Exercise goal. Please could you give again the lines from the one holding "this 739×1600 image." through the final line of the data below, exactly, with no other lines?

━━ Dataset content ━━

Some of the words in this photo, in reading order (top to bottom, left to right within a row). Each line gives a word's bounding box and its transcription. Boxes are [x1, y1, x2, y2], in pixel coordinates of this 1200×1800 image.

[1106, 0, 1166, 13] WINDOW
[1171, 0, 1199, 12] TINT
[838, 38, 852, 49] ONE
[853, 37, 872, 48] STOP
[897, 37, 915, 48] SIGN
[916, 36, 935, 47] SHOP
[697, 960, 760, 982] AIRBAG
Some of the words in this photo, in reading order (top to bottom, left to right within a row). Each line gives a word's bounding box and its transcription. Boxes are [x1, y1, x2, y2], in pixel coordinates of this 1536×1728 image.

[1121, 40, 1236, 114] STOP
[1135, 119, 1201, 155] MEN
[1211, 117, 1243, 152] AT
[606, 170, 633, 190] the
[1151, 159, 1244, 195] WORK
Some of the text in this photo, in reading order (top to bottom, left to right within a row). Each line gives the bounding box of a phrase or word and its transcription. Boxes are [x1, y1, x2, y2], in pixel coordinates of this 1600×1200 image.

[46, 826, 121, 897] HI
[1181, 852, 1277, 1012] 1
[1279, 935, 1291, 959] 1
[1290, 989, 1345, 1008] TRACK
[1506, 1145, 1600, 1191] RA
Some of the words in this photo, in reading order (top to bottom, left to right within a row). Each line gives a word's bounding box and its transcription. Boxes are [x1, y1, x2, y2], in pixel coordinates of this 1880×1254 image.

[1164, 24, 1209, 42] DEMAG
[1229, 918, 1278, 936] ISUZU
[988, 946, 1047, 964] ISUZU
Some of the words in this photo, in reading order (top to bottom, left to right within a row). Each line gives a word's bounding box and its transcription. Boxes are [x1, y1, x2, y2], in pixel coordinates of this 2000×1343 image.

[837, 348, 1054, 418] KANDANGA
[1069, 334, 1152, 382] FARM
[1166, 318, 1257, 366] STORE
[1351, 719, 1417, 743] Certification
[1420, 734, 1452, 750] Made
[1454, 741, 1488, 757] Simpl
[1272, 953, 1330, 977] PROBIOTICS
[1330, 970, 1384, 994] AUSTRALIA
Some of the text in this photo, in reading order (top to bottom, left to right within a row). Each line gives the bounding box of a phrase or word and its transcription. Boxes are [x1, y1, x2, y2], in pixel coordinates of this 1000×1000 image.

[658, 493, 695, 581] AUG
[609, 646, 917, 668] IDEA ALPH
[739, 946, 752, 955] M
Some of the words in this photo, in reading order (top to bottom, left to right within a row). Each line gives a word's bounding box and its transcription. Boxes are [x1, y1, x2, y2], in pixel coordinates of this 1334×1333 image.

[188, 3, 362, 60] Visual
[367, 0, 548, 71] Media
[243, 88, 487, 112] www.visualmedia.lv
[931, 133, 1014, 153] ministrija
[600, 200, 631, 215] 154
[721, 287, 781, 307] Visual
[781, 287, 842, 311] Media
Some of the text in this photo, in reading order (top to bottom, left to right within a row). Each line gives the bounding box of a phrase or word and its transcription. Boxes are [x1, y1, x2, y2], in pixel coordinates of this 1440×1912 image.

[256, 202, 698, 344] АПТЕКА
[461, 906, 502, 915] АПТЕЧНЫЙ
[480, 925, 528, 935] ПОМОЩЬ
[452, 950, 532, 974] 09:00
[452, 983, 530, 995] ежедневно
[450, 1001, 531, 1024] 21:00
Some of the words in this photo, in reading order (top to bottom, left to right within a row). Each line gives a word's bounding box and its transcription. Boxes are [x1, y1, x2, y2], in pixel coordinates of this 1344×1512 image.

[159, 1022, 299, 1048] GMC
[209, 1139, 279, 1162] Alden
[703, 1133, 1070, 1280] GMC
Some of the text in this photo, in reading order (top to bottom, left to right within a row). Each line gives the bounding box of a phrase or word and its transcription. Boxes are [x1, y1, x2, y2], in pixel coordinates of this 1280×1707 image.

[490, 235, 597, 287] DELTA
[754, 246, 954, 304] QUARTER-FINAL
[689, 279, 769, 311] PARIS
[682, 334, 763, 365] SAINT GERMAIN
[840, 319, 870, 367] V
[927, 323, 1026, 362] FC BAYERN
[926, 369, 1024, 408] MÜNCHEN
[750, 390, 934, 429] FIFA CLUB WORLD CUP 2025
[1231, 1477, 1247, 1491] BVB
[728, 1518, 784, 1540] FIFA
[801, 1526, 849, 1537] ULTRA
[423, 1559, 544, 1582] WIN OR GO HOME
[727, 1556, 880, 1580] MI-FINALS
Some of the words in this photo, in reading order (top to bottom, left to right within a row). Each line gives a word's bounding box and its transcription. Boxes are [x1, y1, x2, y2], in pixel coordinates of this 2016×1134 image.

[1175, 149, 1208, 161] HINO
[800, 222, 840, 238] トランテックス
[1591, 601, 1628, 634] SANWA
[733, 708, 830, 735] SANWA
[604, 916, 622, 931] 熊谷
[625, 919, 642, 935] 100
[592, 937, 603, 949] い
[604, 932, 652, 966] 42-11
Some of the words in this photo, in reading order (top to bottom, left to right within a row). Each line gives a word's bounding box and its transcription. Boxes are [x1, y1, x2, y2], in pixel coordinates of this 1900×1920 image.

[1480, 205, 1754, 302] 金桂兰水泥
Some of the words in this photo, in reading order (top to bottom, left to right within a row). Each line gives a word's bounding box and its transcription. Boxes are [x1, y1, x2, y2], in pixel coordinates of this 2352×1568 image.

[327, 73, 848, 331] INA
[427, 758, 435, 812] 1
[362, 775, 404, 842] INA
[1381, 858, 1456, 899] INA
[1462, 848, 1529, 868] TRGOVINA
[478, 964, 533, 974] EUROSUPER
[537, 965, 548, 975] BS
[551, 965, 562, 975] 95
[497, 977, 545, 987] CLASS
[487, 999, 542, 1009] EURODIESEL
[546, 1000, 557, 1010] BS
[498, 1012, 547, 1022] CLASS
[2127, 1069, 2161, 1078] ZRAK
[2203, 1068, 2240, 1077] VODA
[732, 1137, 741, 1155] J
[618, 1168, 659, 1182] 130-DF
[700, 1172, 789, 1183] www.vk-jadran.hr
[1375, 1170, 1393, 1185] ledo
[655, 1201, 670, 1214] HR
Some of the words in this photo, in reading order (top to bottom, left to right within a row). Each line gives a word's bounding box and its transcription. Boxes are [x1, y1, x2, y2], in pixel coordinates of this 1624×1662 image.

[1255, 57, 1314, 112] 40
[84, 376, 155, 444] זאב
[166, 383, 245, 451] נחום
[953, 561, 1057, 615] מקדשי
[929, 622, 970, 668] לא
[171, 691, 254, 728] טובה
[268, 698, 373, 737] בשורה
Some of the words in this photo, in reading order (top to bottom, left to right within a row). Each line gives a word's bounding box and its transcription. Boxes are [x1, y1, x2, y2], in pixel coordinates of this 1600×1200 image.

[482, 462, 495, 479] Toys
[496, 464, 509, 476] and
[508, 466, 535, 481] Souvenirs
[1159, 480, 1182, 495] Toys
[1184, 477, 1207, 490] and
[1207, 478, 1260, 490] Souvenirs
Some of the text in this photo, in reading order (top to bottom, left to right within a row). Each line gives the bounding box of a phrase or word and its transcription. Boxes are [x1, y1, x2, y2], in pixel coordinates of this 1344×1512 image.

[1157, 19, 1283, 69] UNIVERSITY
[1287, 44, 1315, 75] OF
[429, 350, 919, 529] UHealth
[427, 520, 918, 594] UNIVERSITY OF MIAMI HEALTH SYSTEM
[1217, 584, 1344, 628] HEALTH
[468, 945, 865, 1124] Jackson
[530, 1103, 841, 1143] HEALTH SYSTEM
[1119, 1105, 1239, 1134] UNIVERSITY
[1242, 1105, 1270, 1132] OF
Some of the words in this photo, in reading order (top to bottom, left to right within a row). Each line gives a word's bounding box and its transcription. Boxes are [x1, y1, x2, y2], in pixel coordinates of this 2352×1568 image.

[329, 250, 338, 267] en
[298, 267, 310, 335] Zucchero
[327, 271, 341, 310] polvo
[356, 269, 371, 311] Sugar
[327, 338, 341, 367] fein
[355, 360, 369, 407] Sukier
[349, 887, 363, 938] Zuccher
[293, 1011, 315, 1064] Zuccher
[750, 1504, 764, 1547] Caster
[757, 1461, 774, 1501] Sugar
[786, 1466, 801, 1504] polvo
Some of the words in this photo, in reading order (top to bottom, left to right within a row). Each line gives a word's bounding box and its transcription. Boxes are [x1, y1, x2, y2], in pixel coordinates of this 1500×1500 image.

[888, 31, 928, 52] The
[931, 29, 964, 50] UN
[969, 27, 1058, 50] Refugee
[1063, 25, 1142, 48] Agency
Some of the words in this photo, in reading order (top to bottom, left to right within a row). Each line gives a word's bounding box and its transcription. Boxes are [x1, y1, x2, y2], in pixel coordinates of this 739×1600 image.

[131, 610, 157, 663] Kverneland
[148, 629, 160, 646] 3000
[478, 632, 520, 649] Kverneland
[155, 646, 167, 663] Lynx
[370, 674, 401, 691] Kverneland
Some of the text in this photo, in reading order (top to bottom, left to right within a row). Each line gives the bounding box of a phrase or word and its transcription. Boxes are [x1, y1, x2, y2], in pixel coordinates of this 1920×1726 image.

━━━

Result.
Some of the words in this photo, in reading order (top to bottom, left to right within a row). Each line gives a word's bounding box and its transcription. Boxes are [x1, y1, x2, y2], in pixel coordinates of this 739×1600 image.

[131, 610, 157, 663] Kverneland
[148, 629, 160, 646] 3000
[478, 632, 520, 649] Kverneland
[155, 646, 167, 663] Lynx
[370, 674, 401, 691] Kverneland
Some of the text in this photo, in reading order (top to bottom, left to right within a row). Each line gives the bounding box of a phrase or word and its transcription. Boxes are [x1, y1, x2, y2], in pixel coordinates of this 1920×1726 image.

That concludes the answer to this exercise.